- **What you will do**: Wherever a picture appears, leave it out, and transcribe the rest of the records exactly.

- **Input data**:
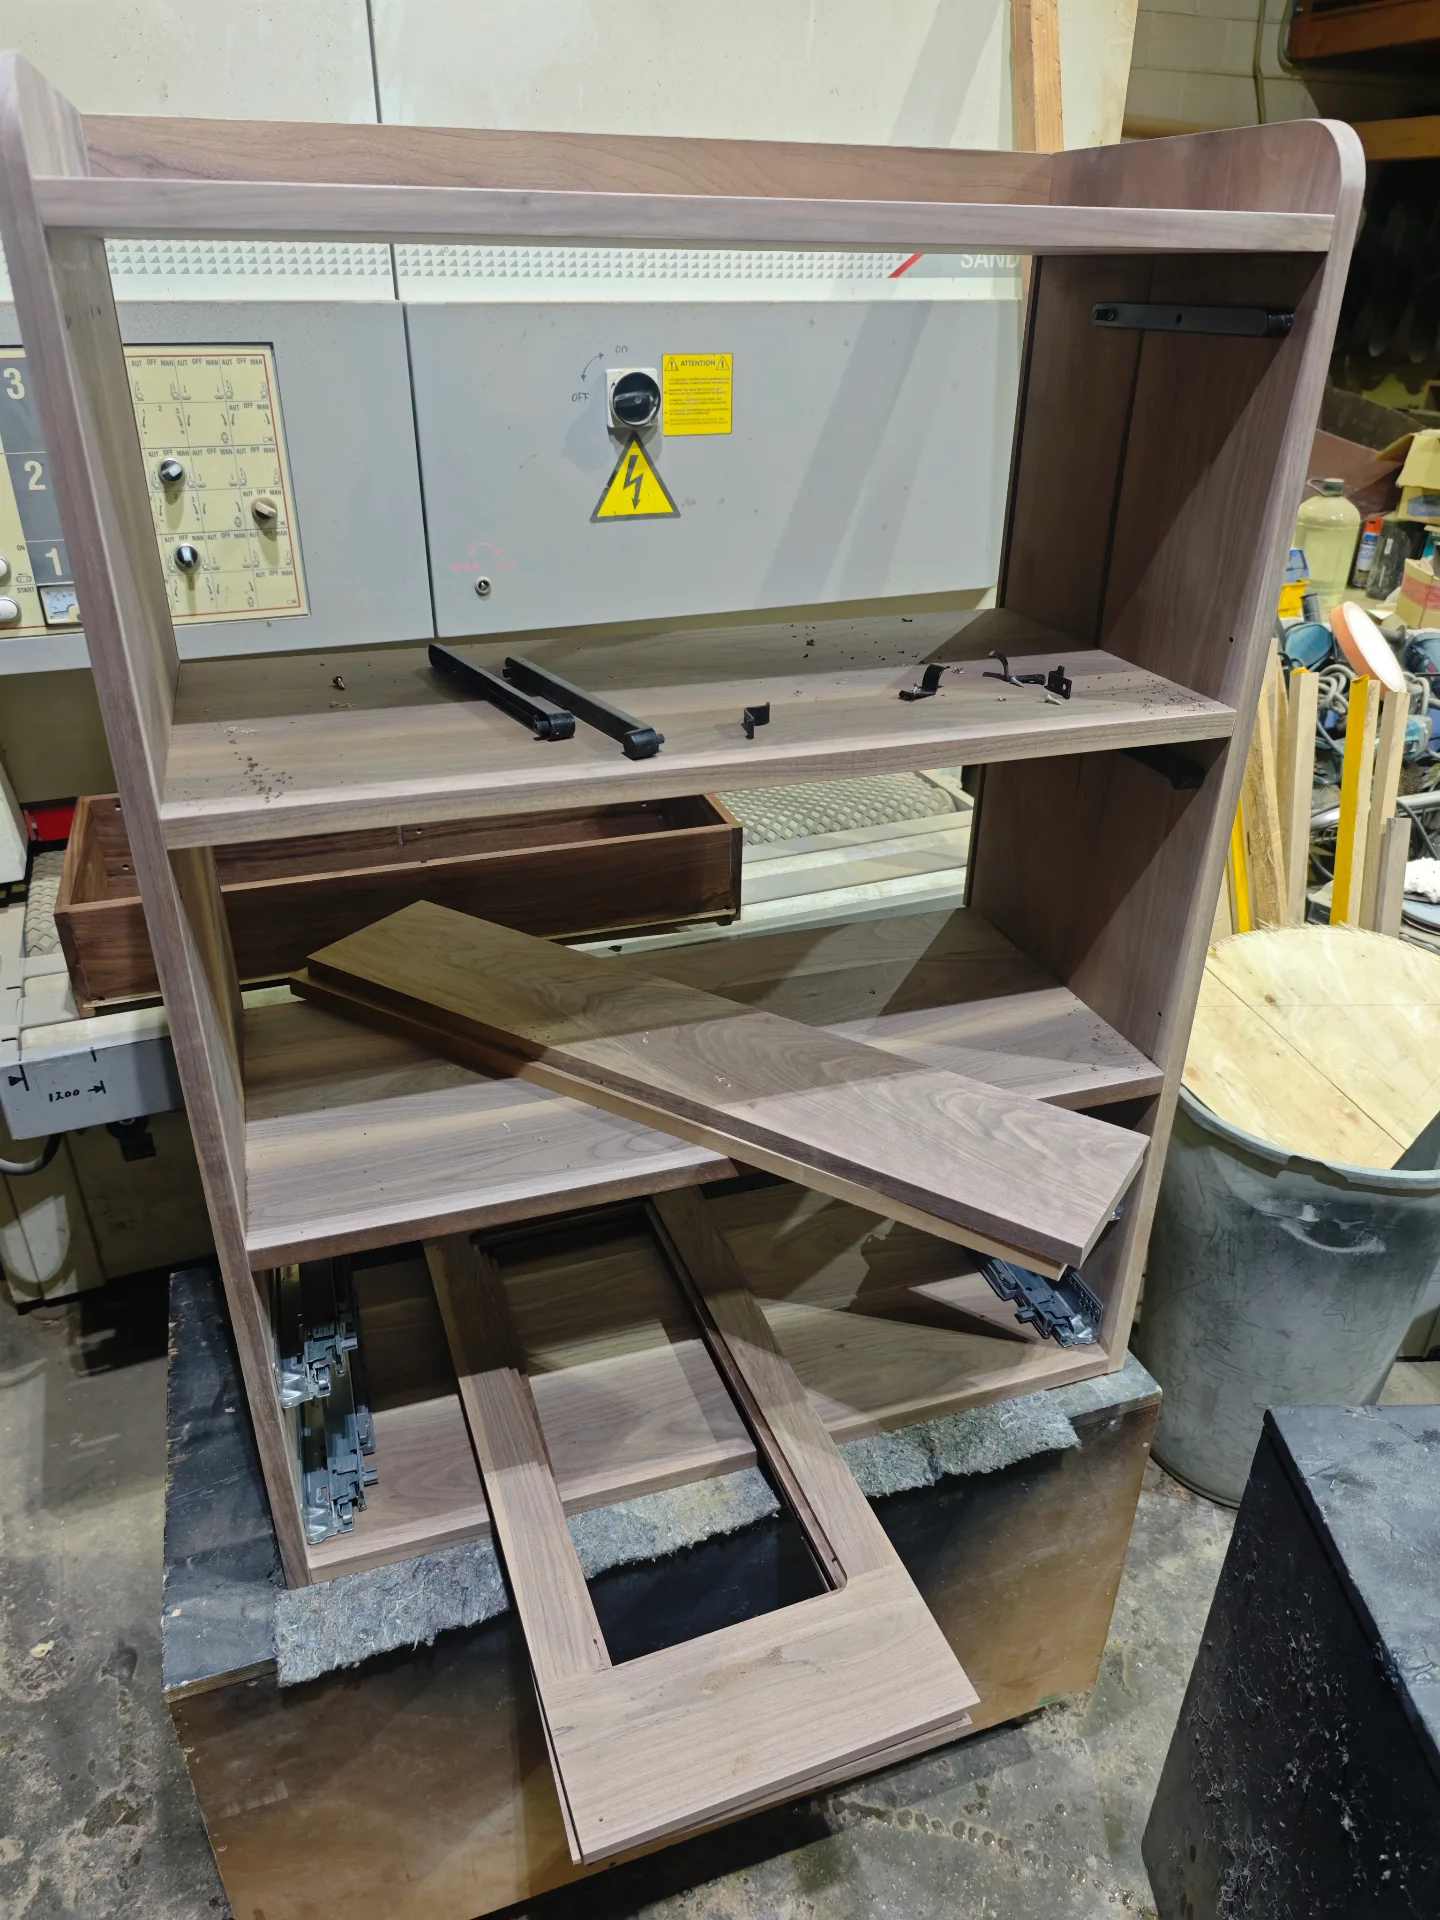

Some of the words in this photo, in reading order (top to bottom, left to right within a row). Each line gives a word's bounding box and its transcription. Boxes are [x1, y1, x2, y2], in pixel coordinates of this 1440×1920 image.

[146, 358, 157, 366] OFF
[160, 359, 174, 367] MAN
[177, 359, 188, 367] AUT
[3, 367, 25, 400] 3
[571, 392, 590, 403] OFF
[24, 460, 47, 491] 2
[45, 547, 63, 576] 1
[48, 1089, 80, 1102] 1200

- **Task result**:
Some of the words in this photo, in reading order (top to bottom, left to right within a row). Each line gives a word's bounding box and its transcription. Boxes are [x1, y1, x2, y2], in pixel coordinates of this 1440×1920 image.

[146, 358, 157, 366] OFF
[160, 359, 174, 367] MAN
[177, 359, 188, 367] AUT
[3, 367, 25, 400] 3
[571, 392, 590, 403] OFF
[24, 460, 47, 491] 2
[45, 547, 63, 576] 1
[48, 1089, 80, 1102] 1200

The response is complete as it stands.